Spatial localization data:
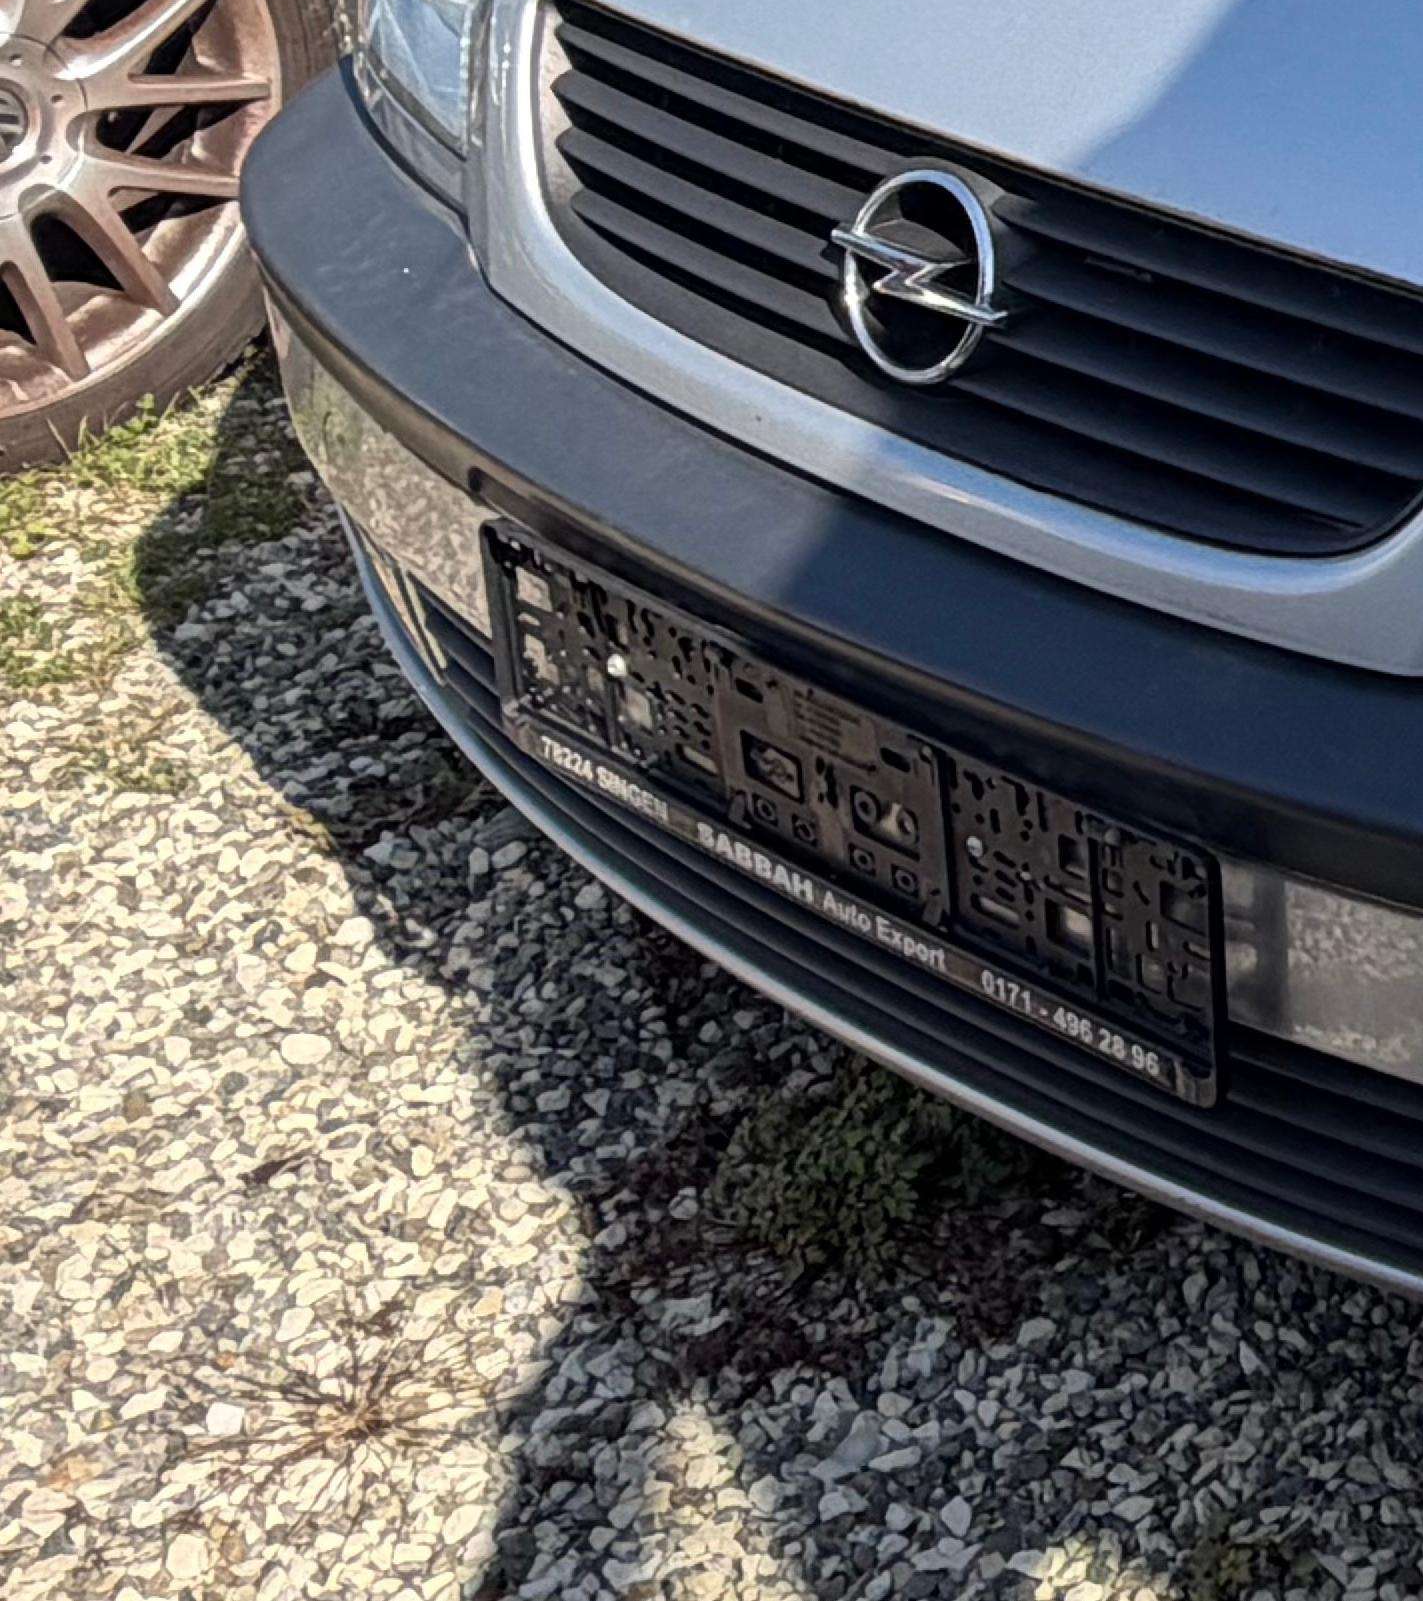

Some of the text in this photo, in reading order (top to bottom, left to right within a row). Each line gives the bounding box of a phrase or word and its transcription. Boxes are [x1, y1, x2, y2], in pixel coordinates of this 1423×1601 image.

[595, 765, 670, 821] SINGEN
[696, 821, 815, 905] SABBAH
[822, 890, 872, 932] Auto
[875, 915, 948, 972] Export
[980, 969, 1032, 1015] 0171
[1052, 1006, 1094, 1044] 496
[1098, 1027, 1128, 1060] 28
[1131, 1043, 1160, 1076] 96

Problem →
Write the data out again word for word; leave the pictures behind.

Answer box →
Some of the text in this photo, in reading order (top to bottom, left to right within a row). Each line gives the bounding box of a phrase or word and its transcription. Boxes are [x1, y1, x2, y2], in pixel coordinates of this 1423×1601 image.

[595, 765, 670, 821] SINGEN
[696, 821, 815, 905] SABBAH
[822, 890, 872, 932] Auto
[875, 915, 948, 972] Export
[980, 969, 1032, 1015] 0171
[1052, 1006, 1094, 1044] 496
[1098, 1027, 1128, 1060] 28
[1131, 1043, 1160, 1076] 96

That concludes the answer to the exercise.